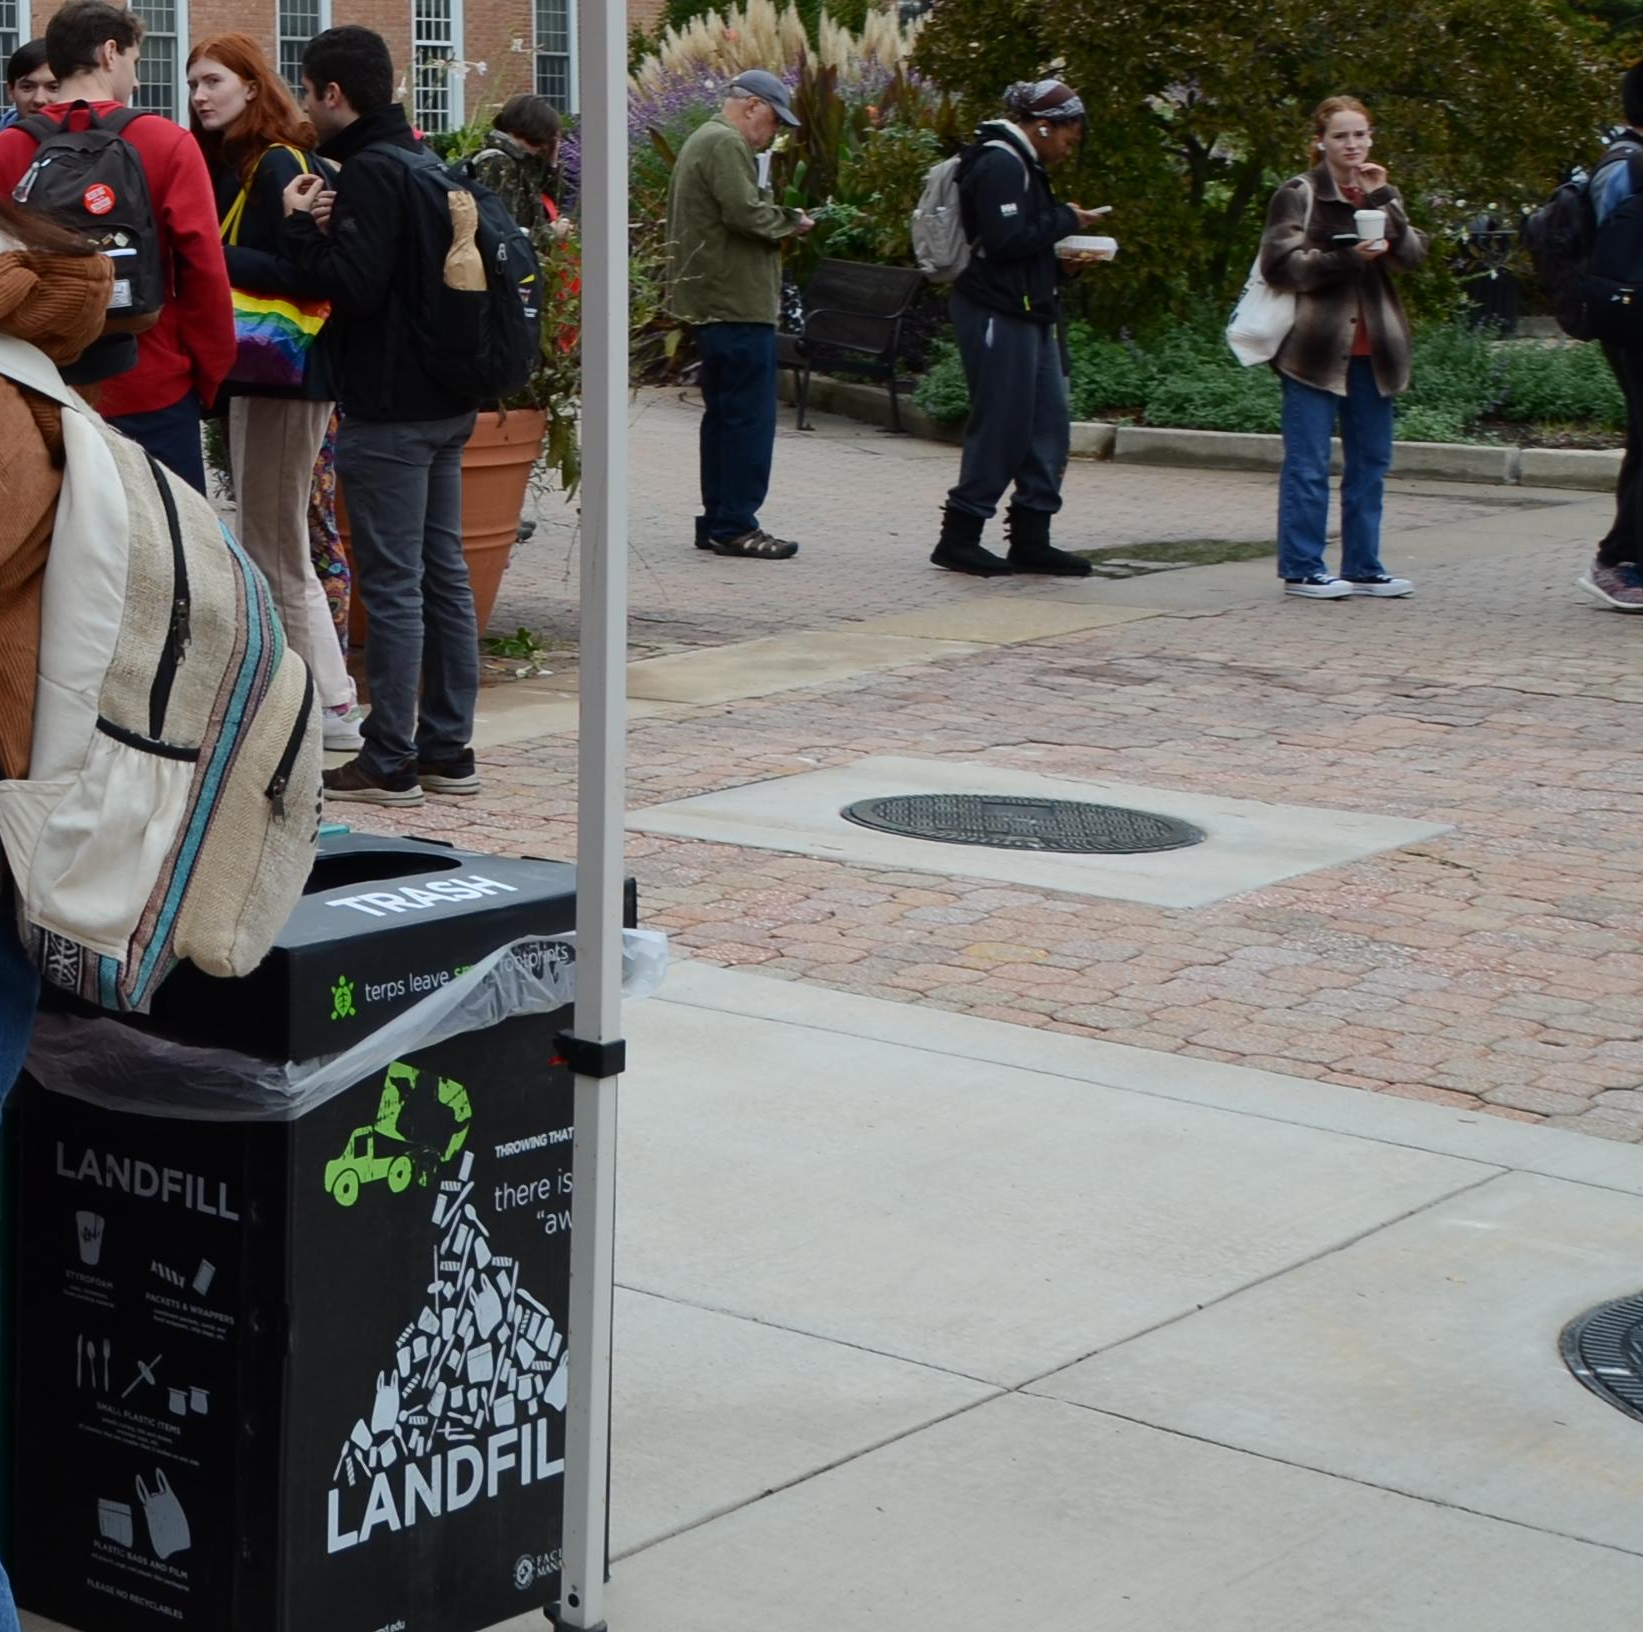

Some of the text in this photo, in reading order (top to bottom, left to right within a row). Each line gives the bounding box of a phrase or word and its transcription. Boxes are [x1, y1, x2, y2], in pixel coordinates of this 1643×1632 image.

[325, 875, 518, 917] TRASH
[365, 976, 405, 1002] terps
[409, 967, 449, 993] leave
[494, 1126, 573, 1159] THROWING THAT
[55, 1140, 240, 1222] LANDFILL
[494, 1167, 573, 1213] there is
[64, 1269, 115, 1289] STYROFOAM
[145, 1292, 182, 1311] PACKETS
[189, 1304, 236, 1326] WRAPPERS
[96, 1401, 182, 1436] SMALL PLASTIC ITEMS
[93, 1539, 189, 1579] PLASTIC BAGS AND FILM
[86, 1577, 184, 1620] PLEASE NO RECYCLABLES

EXERCISE GOAL:
Quote the records above exactly, leaving out any pictures.

OUTPUT:
Some of the text in this photo, in reading order (top to bottom, left to right within a row). Each line gives the bounding box of a phrase or word and its transcription. Boxes are [x1, y1, x2, y2], in pixel coordinates of this 1643×1632 image.

[325, 875, 518, 917] TRASH
[365, 976, 405, 1002] terps
[409, 967, 449, 993] leave
[494, 1126, 573, 1159] THROWING THAT
[55, 1140, 240, 1222] LANDFILL
[494, 1167, 573, 1213] there is
[64, 1269, 115, 1289] STYROFOAM
[145, 1292, 182, 1311] PACKETS
[189, 1304, 236, 1326] WRAPPERS
[96, 1401, 182, 1436] SMALL PLASTIC ITEMS
[93, 1539, 189, 1579] PLASTIC BAGS AND FILM
[86, 1577, 184, 1620] PLEASE NO RECYCLABLES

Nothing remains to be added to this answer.